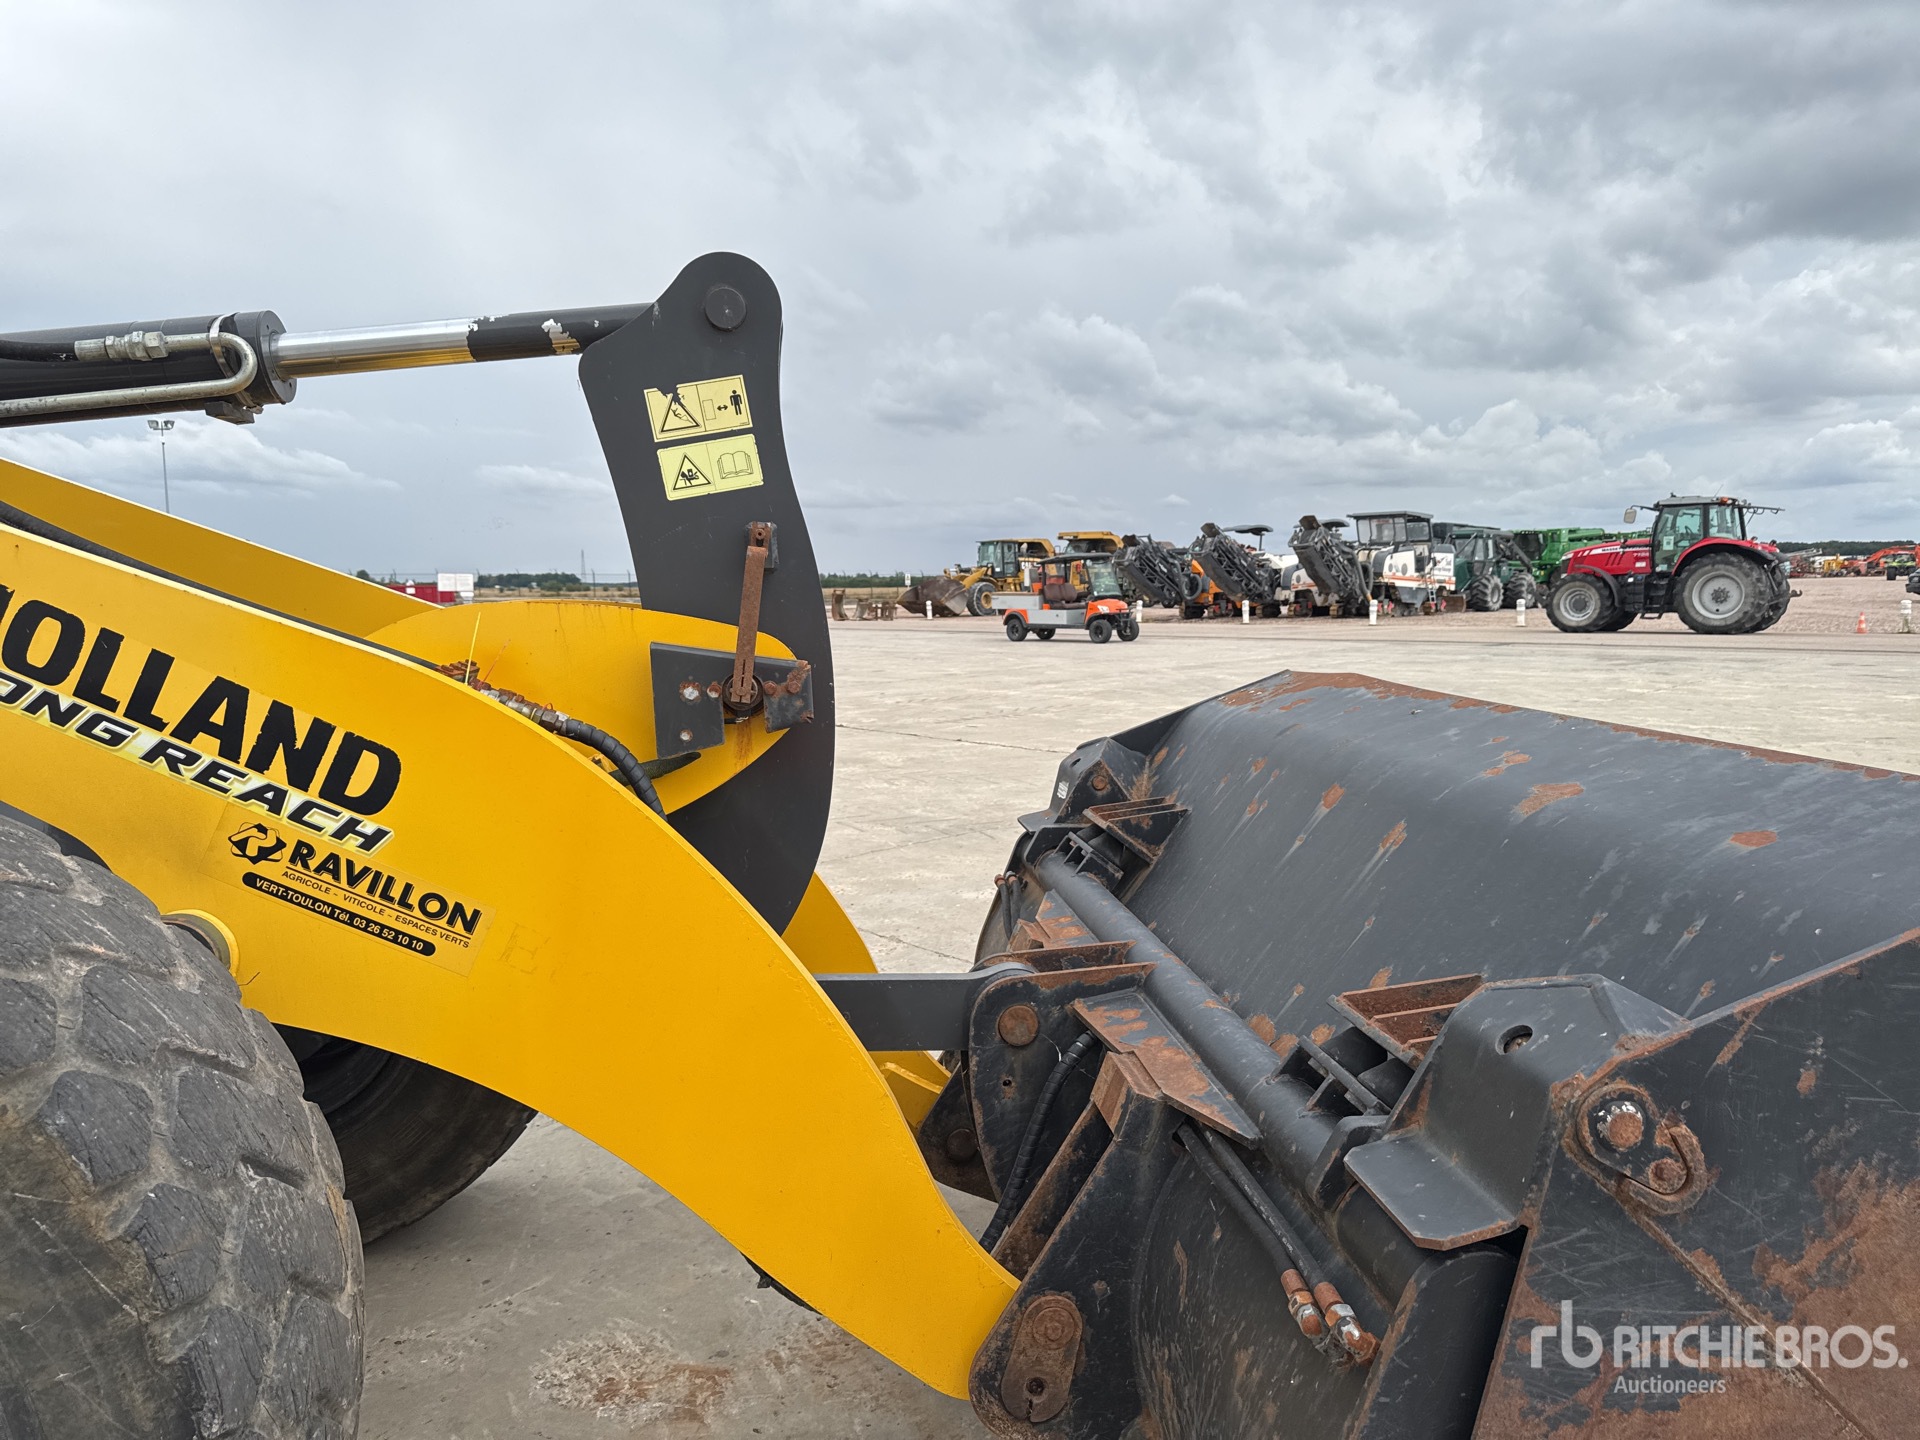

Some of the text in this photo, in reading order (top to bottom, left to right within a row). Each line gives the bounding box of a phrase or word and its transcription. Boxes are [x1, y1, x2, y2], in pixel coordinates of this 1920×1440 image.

[139, 738, 392, 853] REACH
[255, 877, 424, 951] VERT-TOULON Tél. 03 26 52 10 10
[281, 870, 331, 895] AGRICOLE
[343, 893, 385, 917] VITICOLE
[395, 914, 438, 936] ESPACES
[439, 931, 470, 949] VERTS
[288, 838, 482, 935] RAVILLON
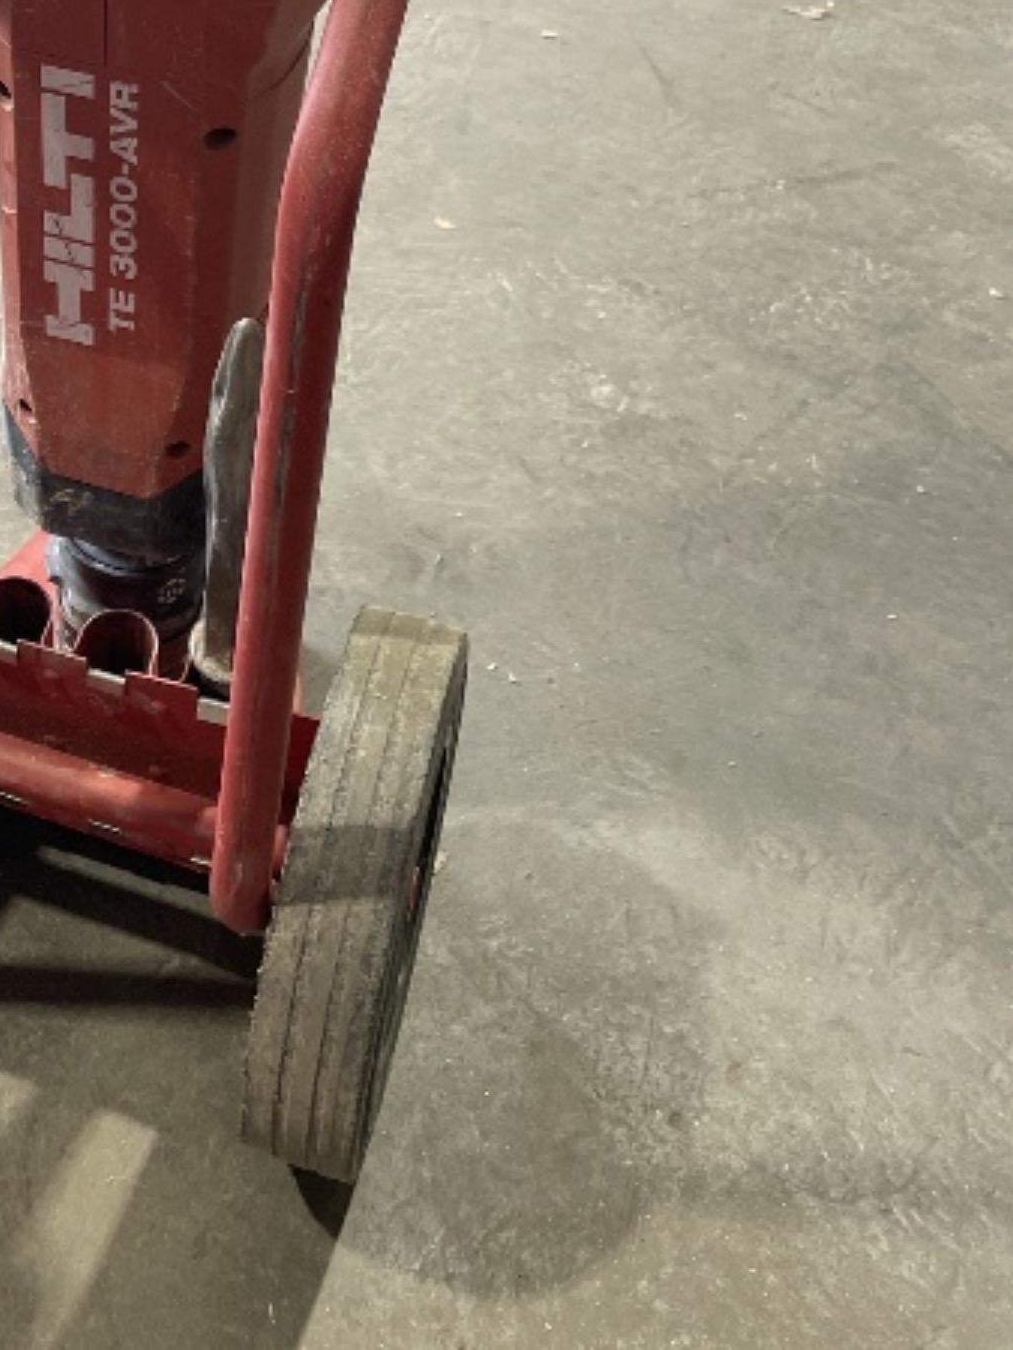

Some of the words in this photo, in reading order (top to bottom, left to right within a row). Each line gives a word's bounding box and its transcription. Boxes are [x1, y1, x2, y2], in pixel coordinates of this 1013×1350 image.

[41, 63, 96, 347] HILTI
[108, 79, 141, 281] 3000-AVR
[107, 287, 136, 334] TE
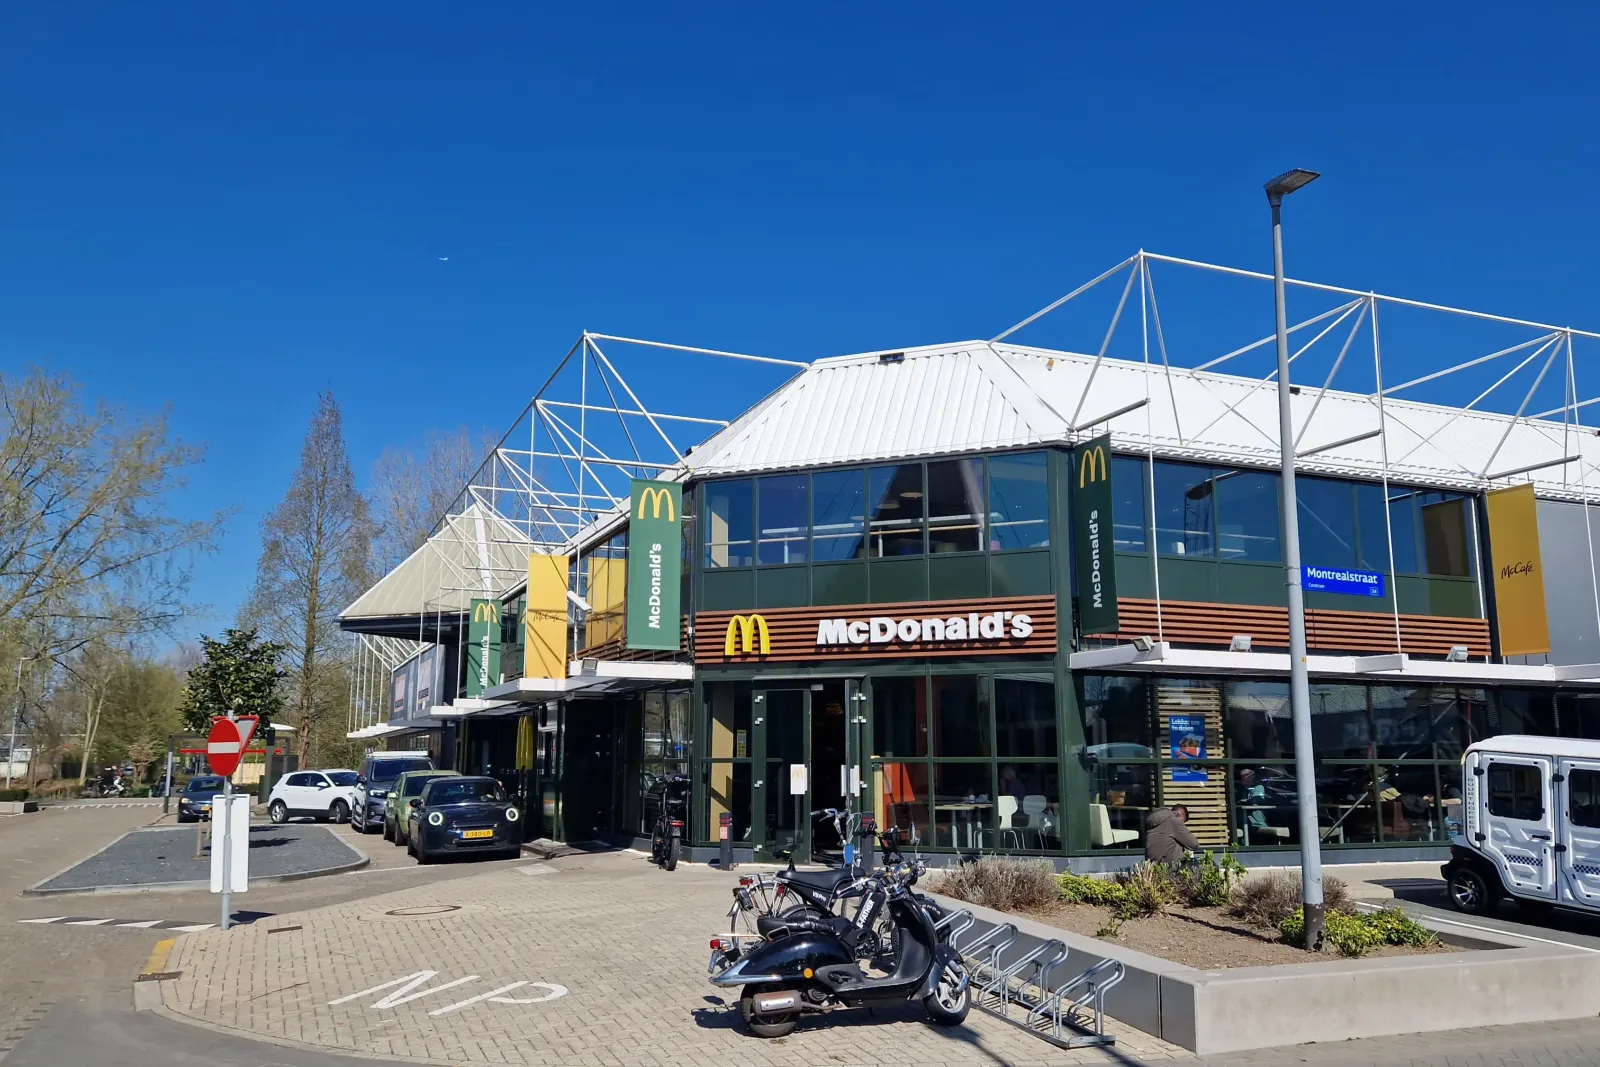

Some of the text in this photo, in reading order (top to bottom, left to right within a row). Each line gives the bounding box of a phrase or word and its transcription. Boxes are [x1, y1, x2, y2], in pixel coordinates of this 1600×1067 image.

[1089, 509, 1103, 608] McDonald's
[1307, 567, 1378, 584] Montrealstraat
[1501, 560, 1534, 579] McCafé
[648, 543, 662, 629] McDonald's
[816, 611, 1034, 645] McDonald's

**TASK ITEM**
The copy must match the listing above exactly but contain no pictures.

**PROBLEM SOLUTION**
Some of the text in this photo, in reading order (top to bottom, left to right within a row). Each line gives the bounding box of a phrase or word and its transcription. Boxes are [x1, y1, x2, y2], in pixel coordinates of this 1920×1440 image.

[139, 738, 392, 853] REACH
[255, 877, 424, 951] VERT-TOULON Tél. 03 26 52 10 10
[281, 870, 331, 895] AGRICOLE
[343, 893, 385, 917] VITICOLE
[395, 914, 438, 936] ESPACES
[439, 931, 470, 949] VERTS
[288, 838, 482, 935] RAVILLON

Some of the words in this photo, in reading order (top to bottom, left to right within a row). Each line gives a word's bounding box and its transcription. Boxes are [x1, y1, x2, y2], in pixel coordinates of this 1013×1350 image.

[41, 63, 96, 347] HILTI
[108, 79, 141, 281] 3000-AVR
[107, 287, 136, 334] TE

Some of the text in this photo, in reading order (top to bottom, left to right within a row). Each line gives the bounding box of a phrase or word and its transcription. Boxes are [x1, y1, x2, y2], in pixel coordinates of this 1600×1067 image.

[1089, 509, 1103, 608] McDonald's
[1307, 567, 1378, 584] Montrealstraat
[1501, 560, 1534, 579] McCafé
[648, 543, 662, 629] McDonald's
[816, 611, 1034, 645] McDonald's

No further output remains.